■ **REQUIREMENT**
An exact transcription of every entry is required. Images are not part of it.

■ **DATA TO USE**
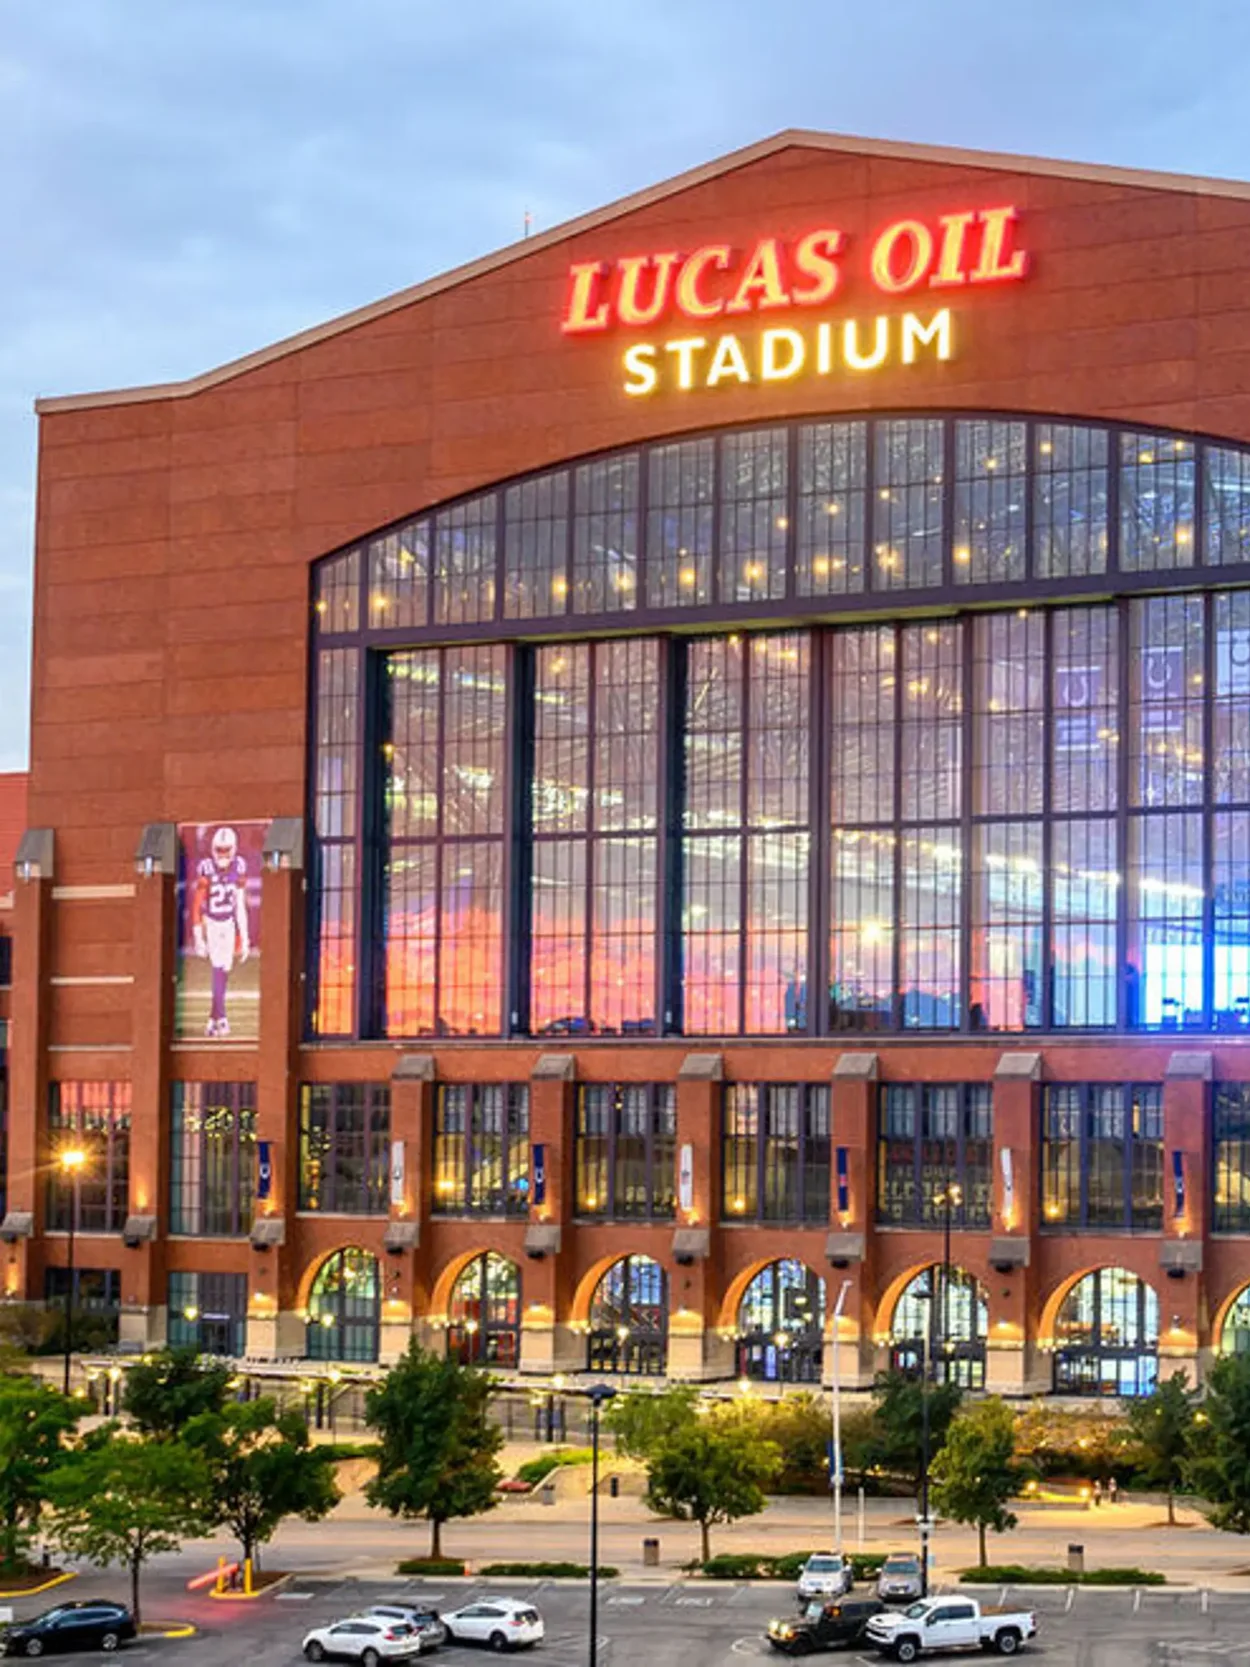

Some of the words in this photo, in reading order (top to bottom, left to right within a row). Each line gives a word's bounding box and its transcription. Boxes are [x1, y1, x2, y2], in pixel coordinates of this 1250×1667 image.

[561, 229, 843, 334] LUCAS
[870, 205, 1028, 293] OIL
[622, 308, 951, 395] STADIUM
[209, 884, 236, 912] 23
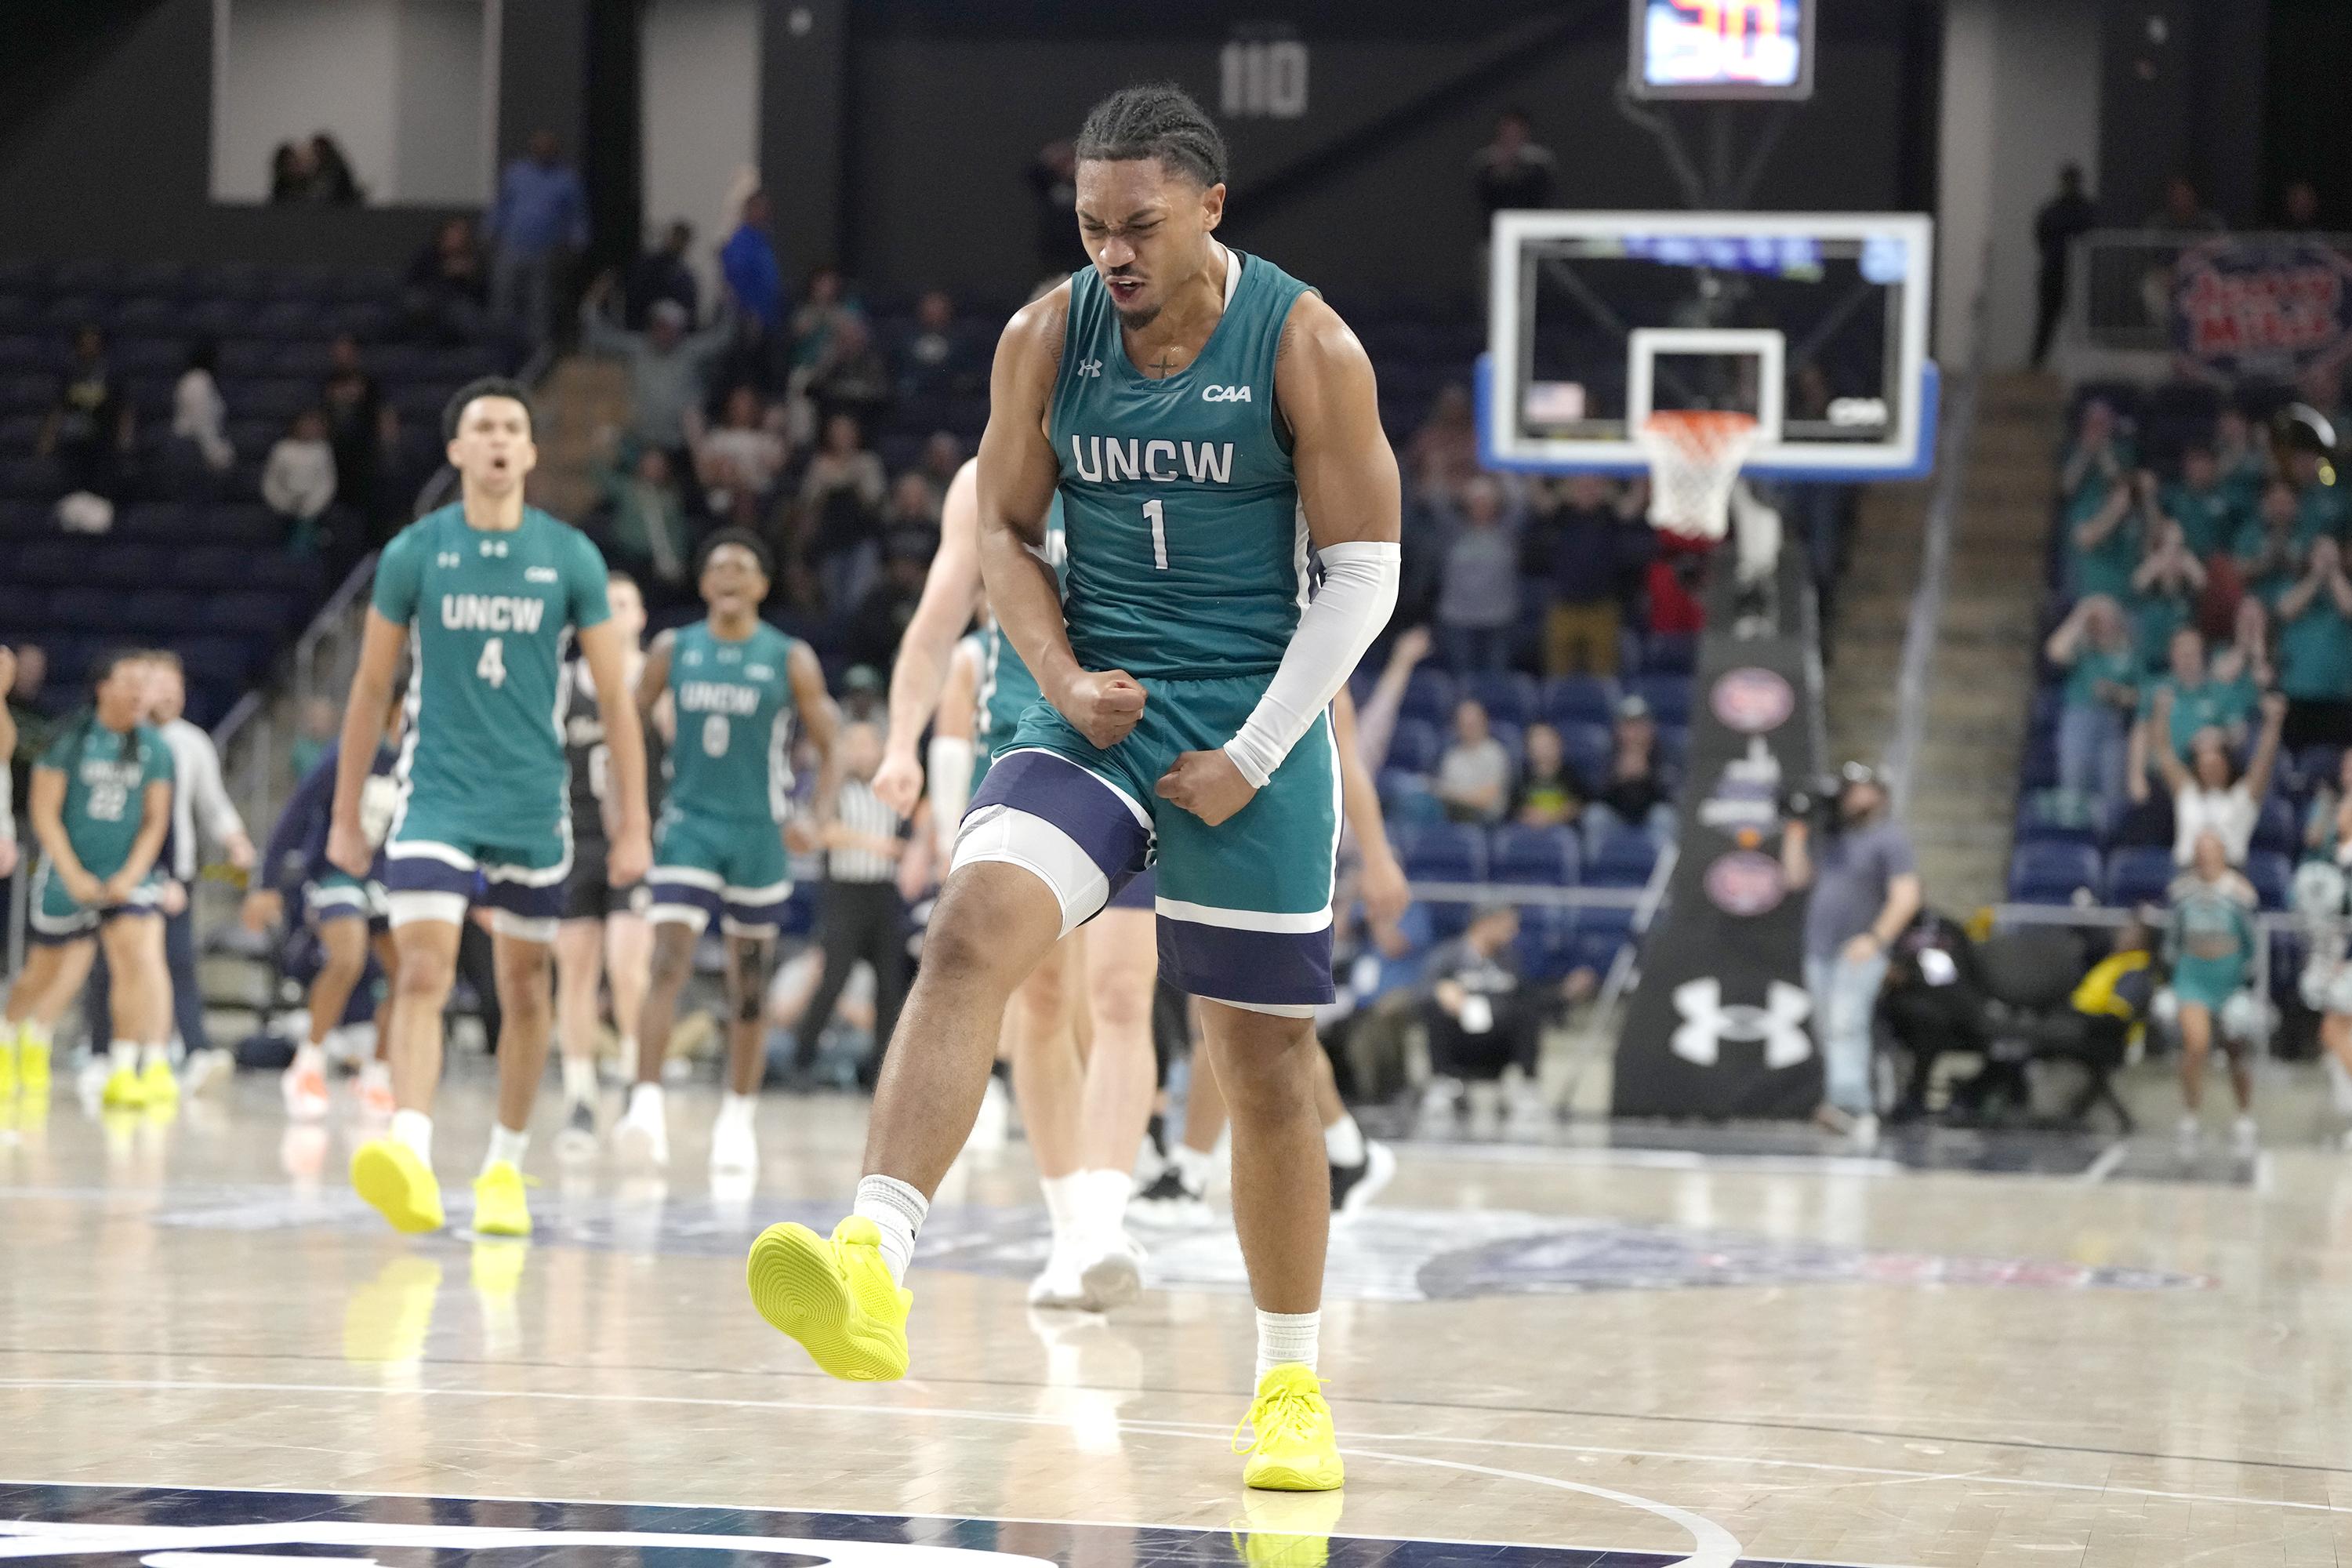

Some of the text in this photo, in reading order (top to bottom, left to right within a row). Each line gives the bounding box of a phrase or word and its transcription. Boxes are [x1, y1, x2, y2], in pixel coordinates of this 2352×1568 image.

[1221, 42, 1308, 116] 110
[1202, 384, 1252, 403] CAA
[1072, 434, 1234, 483] UNCW
[1142, 499, 1169, 570] 1
[441, 594, 544, 633] UNCW
[476, 637, 507, 689] 4

■ **TASK OUTPUT**
Some of the words in this photo, in reading order (top to bottom, left to right within a row). Each line gives a word's bounding box and its transcription. Boxes are [x1, y1, x2, y2], in pixel coordinates of this 1250×1667 image.

[561, 229, 843, 334] LUCAS
[870, 205, 1028, 293] OIL
[622, 308, 951, 395] STADIUM
[209, 884, 236, 912] 23

Some of the text in this photo, in reading order (top to bottom, left to right within a row). Each line gives the bounding box of a phrase or word and its transcription. Boxes are [x1, y1, x2, y2], in pixel coordinates of this 2352×1568 image.

[1221, 42, 1308, 116] 110
[1202, 384, 1252, 403] CAA
[1072, 434, 1234, 483] UNCW
[1142, 499, 1169, 570] 1
[441, 594, 544, 633] UNCW
[476, 637, 507, 689] 4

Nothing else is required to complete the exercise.